= Ellen O'Malley Camps =

Actor, producer and playwright

Ellen O'Malley Camps also known as Helen Camps is an Irish-born Trinidad and Tobago actor, stage director, producer and playwright.

== Theatre career ==
Camps was invited by her neighbour, Michael de la Bastide, to participate in a pantomime being put on by his sister. Her performance was noticed by Derek Walcott, who as there to review the play for the Trinidad Guardian, and he invited her to the Trinidad Theatre Workshop. Camps made her stage debut in Walcott's Dream on Monkey Mountain, and went on to appear in Ti-Jean and His Brothers, and In a Fine Castle, but found herself more interested in rehearsal and production than in being on stage.

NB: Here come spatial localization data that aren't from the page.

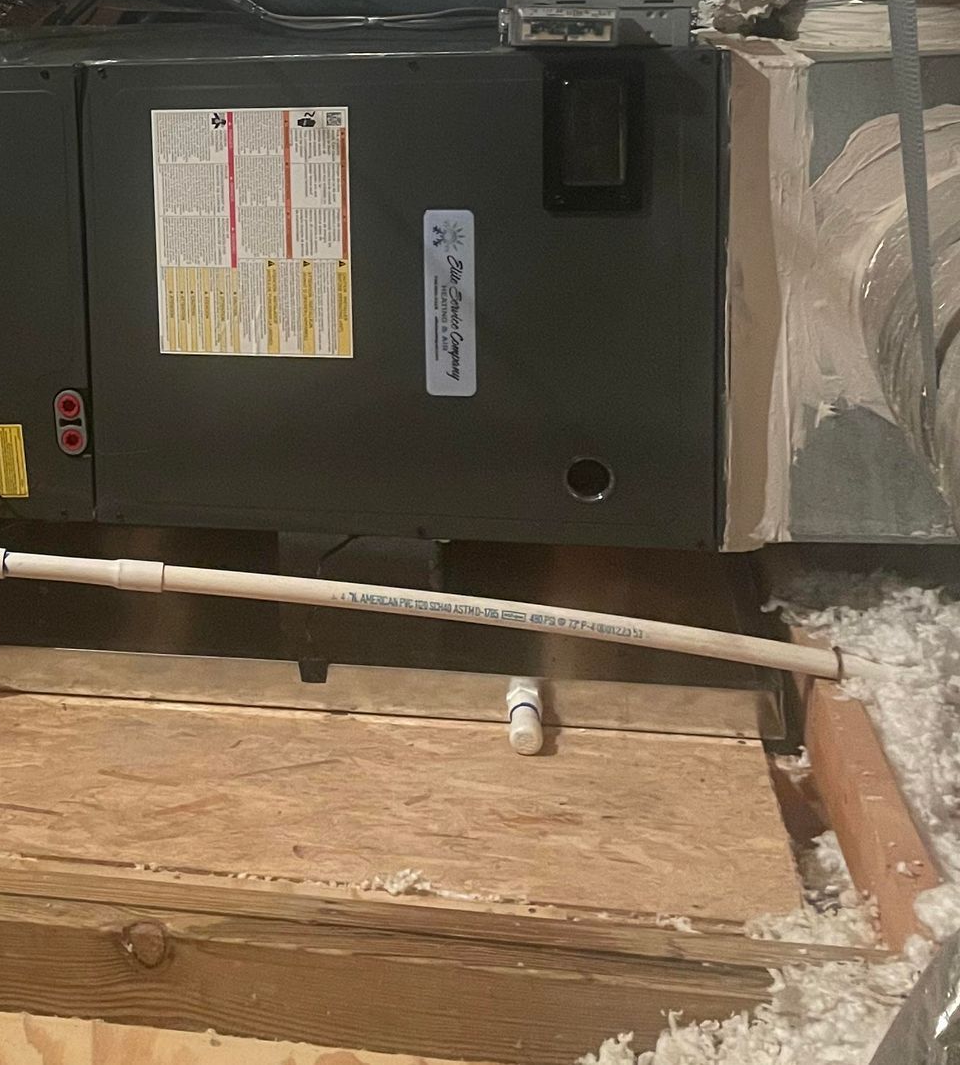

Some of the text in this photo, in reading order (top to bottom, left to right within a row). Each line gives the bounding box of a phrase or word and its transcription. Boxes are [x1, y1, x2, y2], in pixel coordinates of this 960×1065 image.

[447, 256, 464, 381] Elite Service Company
[360, 593, 398, 607] AMERICAN
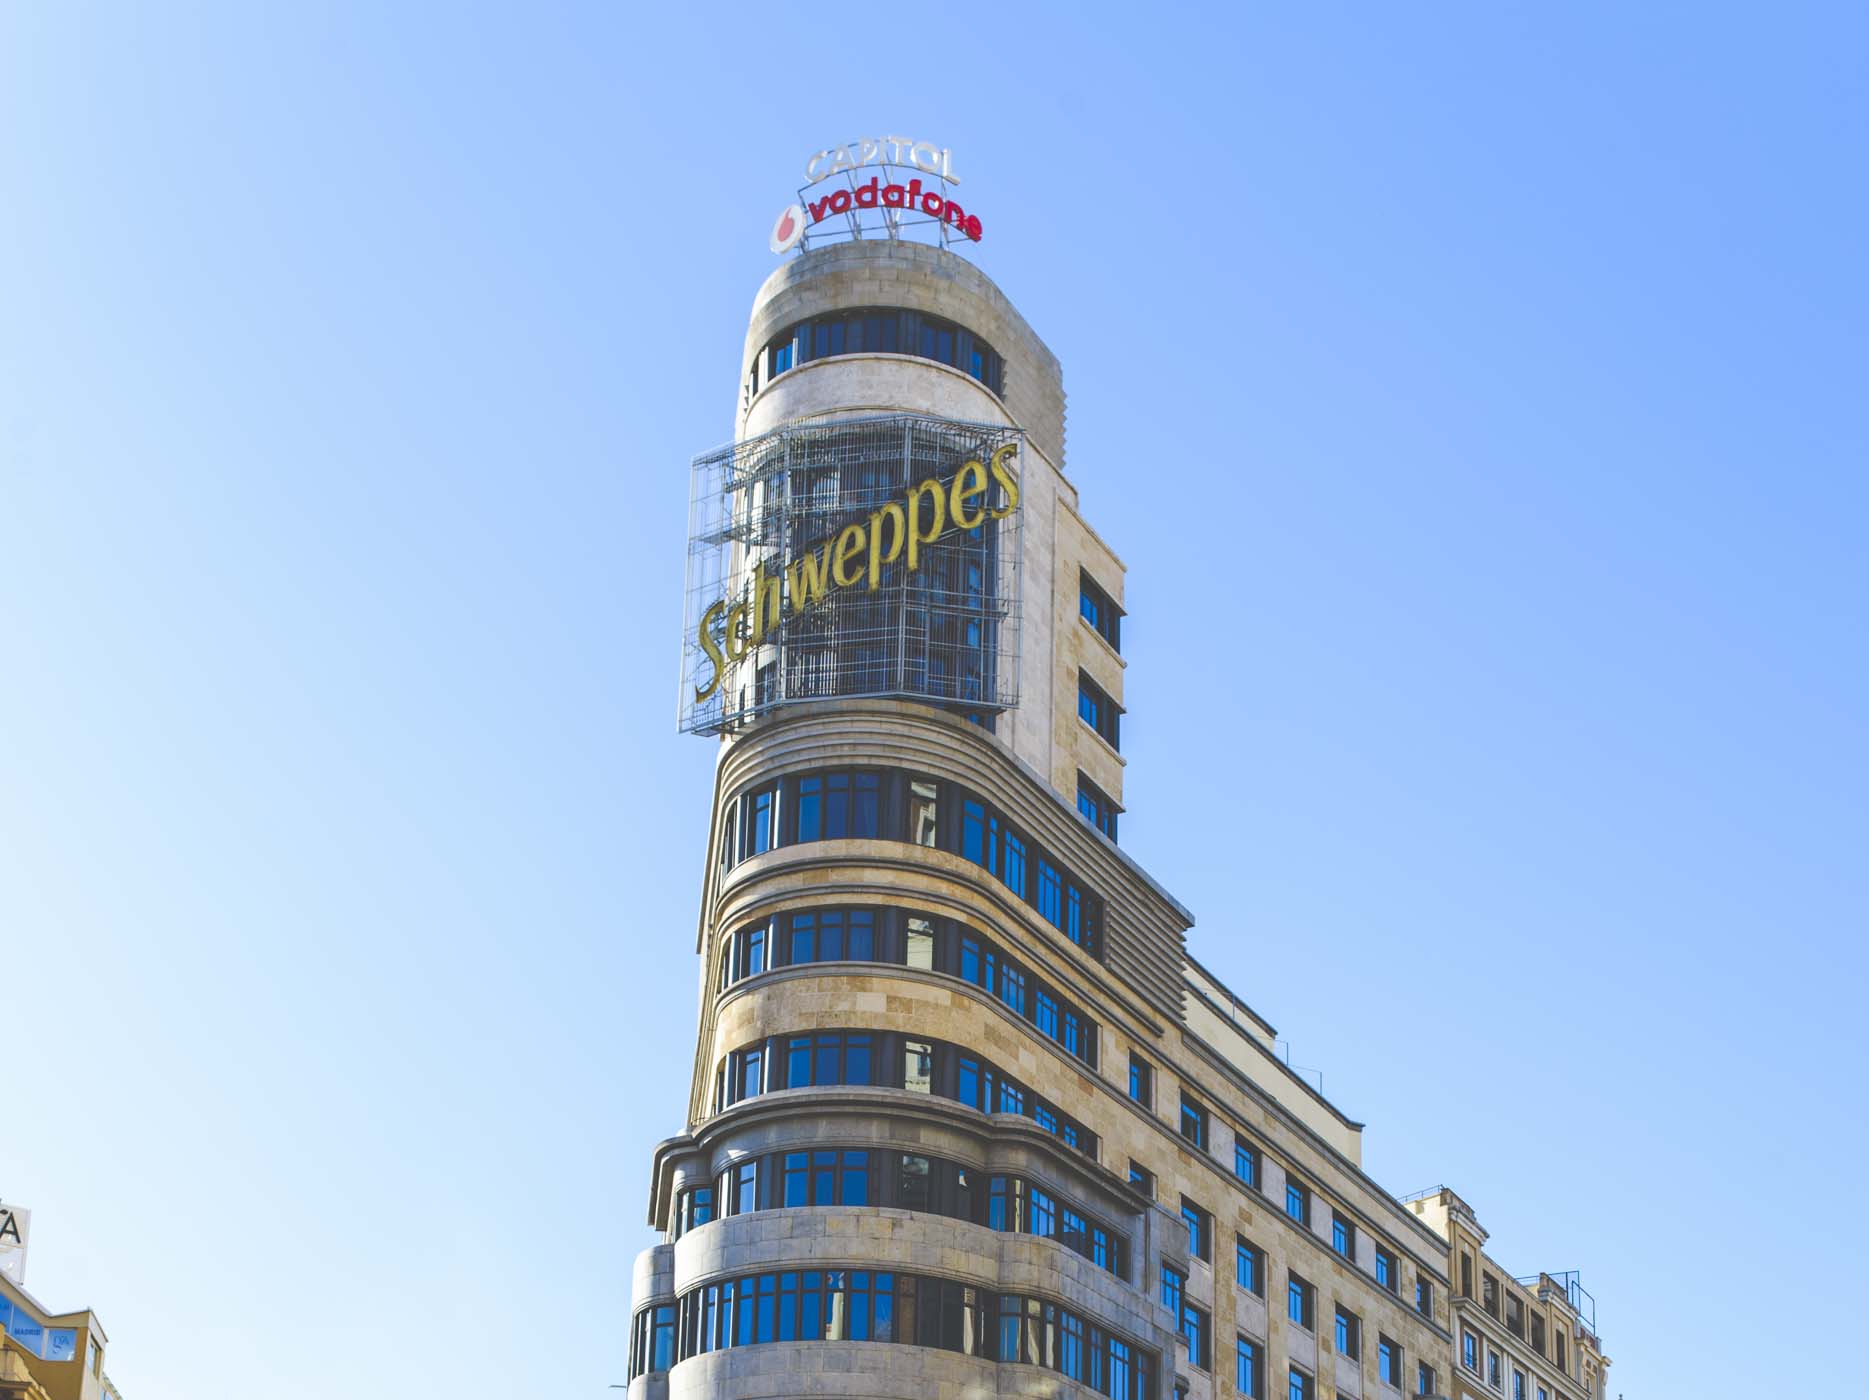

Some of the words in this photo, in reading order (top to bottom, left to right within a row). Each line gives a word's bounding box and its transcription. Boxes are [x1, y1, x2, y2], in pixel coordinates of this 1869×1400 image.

[805, 135, 960, 186] CAPITOL
[808, 176, 983, 243] vodafone
[695, 443, 1019, 704] Schweppes

In the late 1970s, after Walcott left the TTW, Camps took the job of director and theatre manager at the Little Carib Theatre. Camps and Tony Hall, another TTW member, launched All Theatre Productions, and launched the company's first season in 1978 at the Little Carib. Her production of Athol Fugard's play Sizwe Banzi is Dead was described by Walcott as "one of the finest" and found it "at least equal to the best" New York City productions.

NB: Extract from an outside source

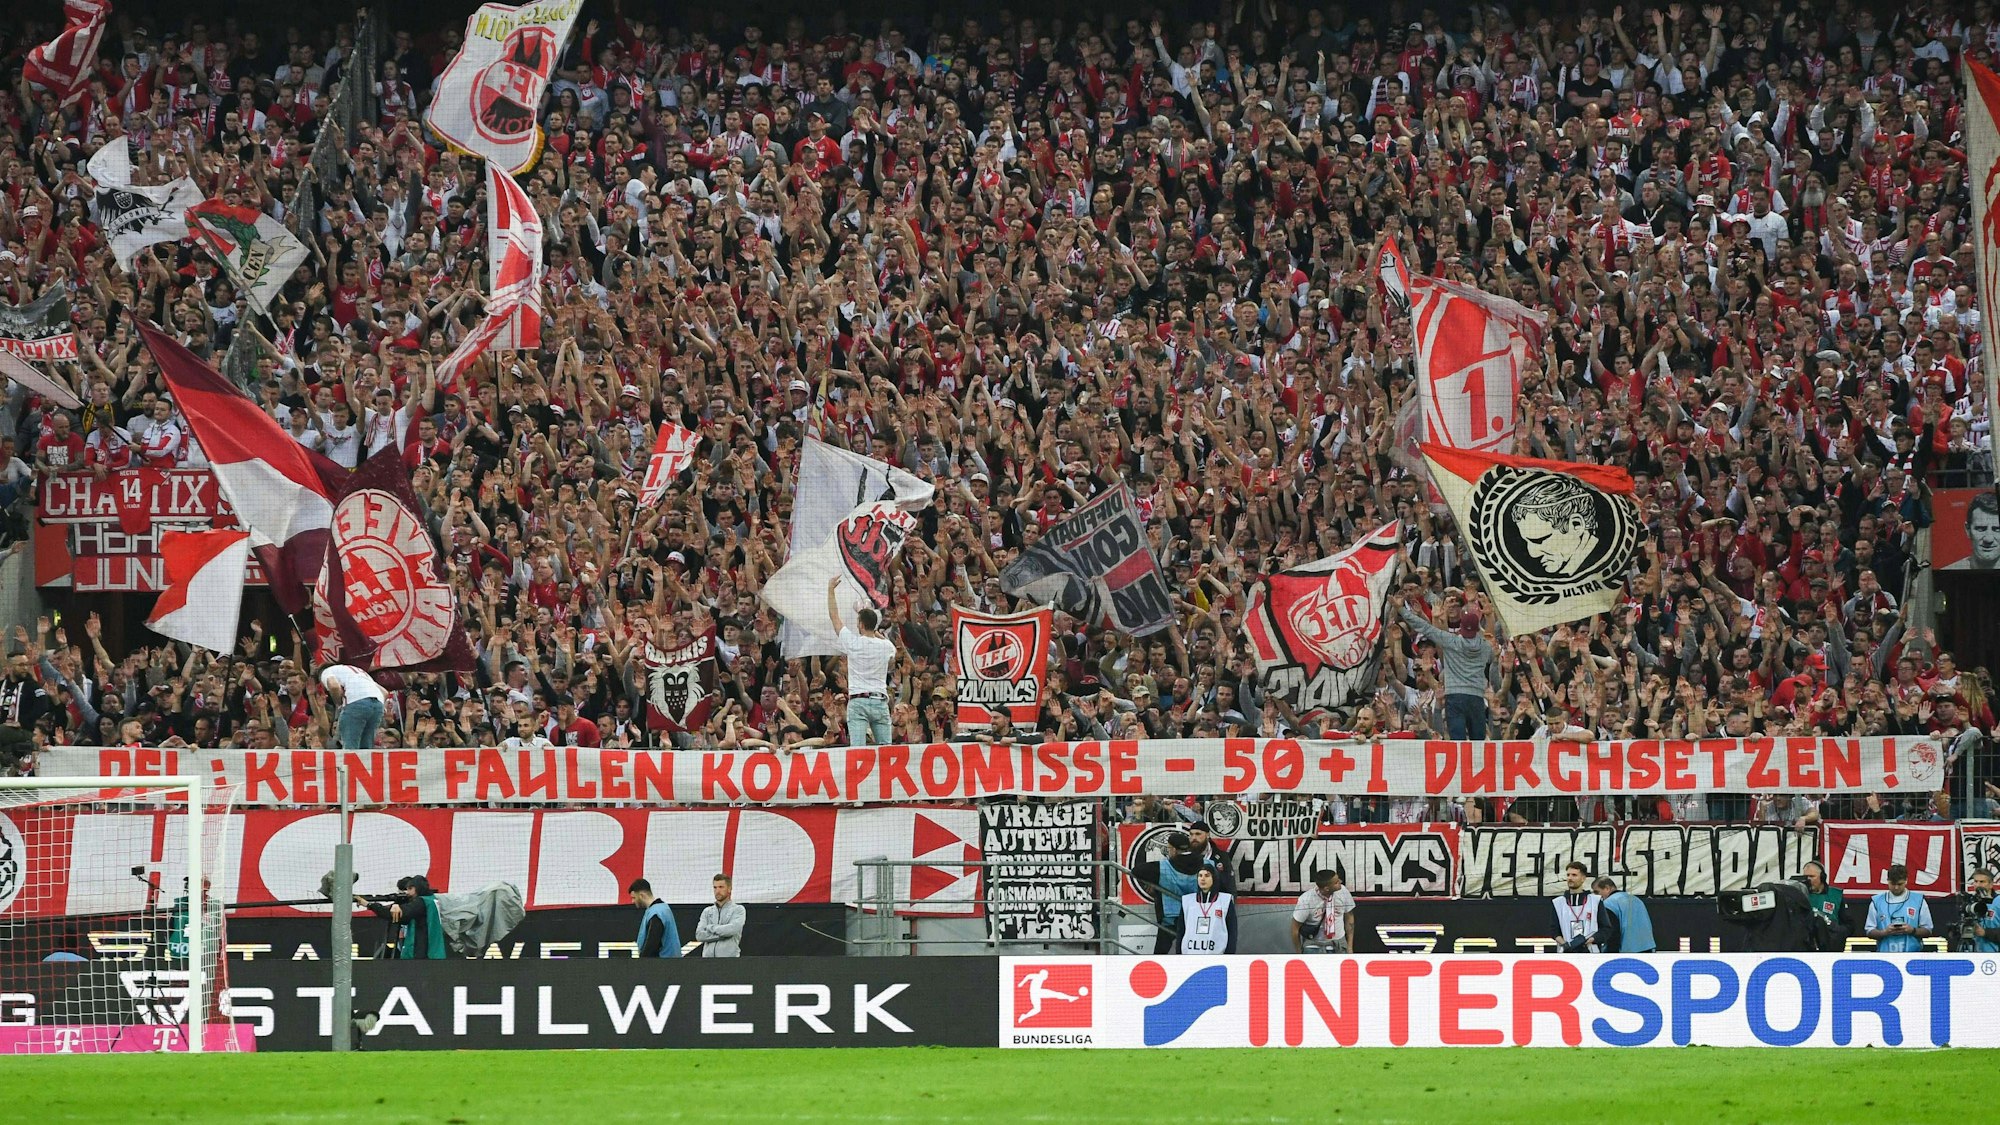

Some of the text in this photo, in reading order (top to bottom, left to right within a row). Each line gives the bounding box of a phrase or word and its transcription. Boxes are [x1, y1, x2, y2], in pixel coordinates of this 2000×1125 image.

=== Trinidad Tent Theatre ===
Camps resigned from her position at the Little Carib on April 1, 1982, amidst conflict with the theatre's founder, Beryl McBurnie, and established the Trinidad Tent Theatre in September of that year.

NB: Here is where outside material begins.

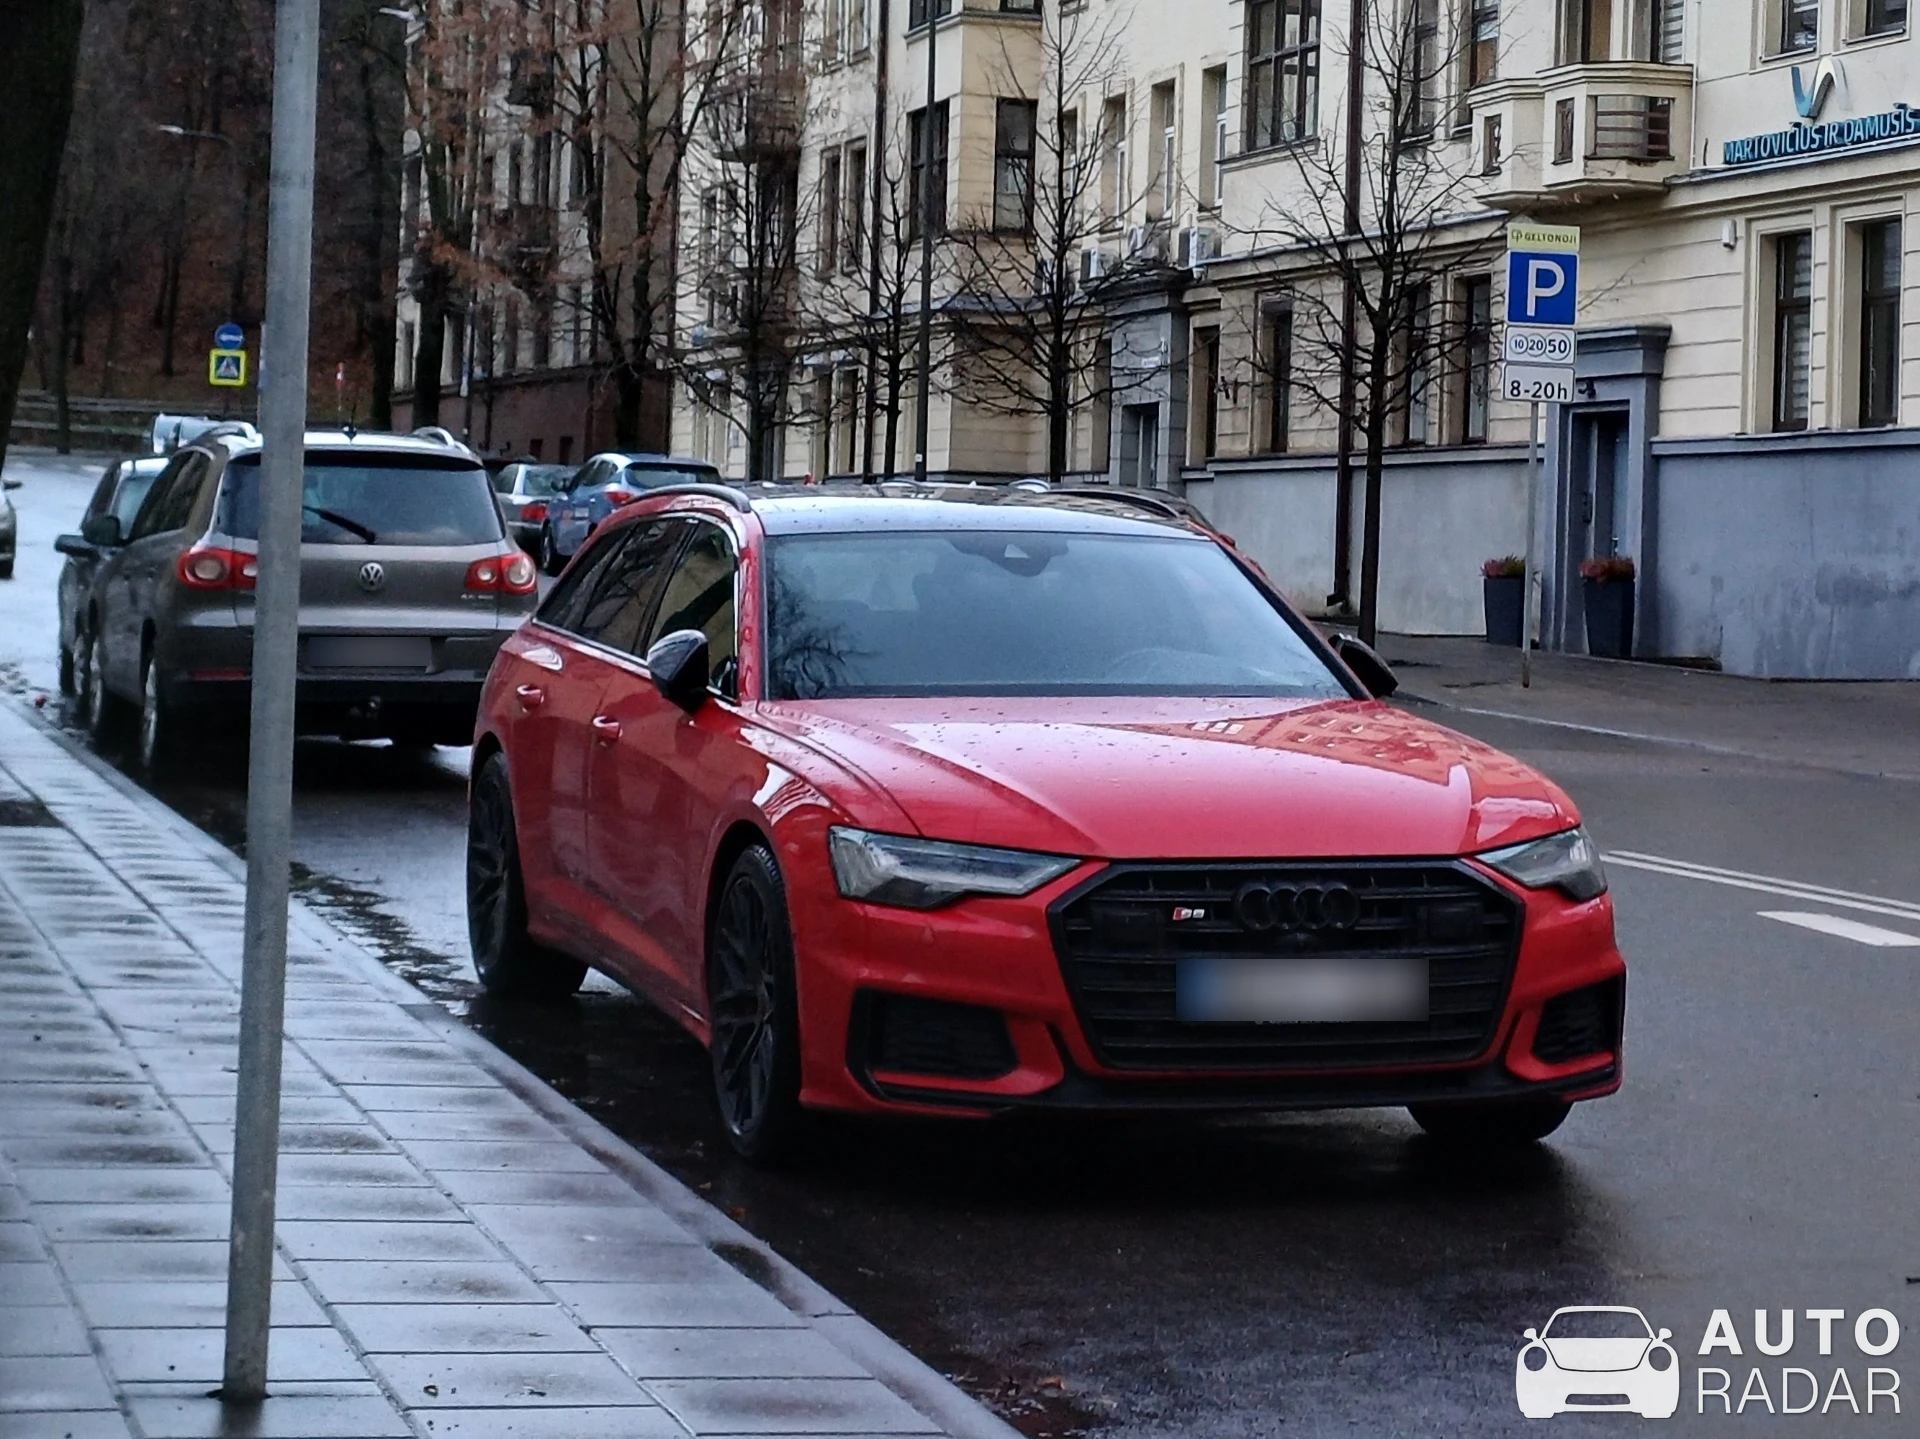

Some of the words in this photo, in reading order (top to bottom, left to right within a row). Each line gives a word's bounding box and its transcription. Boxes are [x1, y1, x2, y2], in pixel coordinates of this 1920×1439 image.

[1526, 259, 1565, 317] P
[1514, 338, 1525, 350] 10
[1528, 339, 1544, 351] 20
[1547, 339, 1567, 354] 50

The Trinidad Tent Theatre came to an end in 1987 when a tree fell on the tent. By that time, Camps said she "was completely burnt out and the actors were exhausted".

=== Later work ===
Camps established a film theatre programme at the Maximum Security Men's Prison in Arouca as an attempt to "facilitate personal transformation", especially among long-term inmates at the prison. Work began in 2011 and continued until it was shut down under COVID-19 pandemic restrictions.

== Personal life ==
Camps met her husband, Michael Camps, in Dublin. They moved to Trinidad and Tobago, his home country, in 1966. That same year, she became a citizen of the country. She has five children.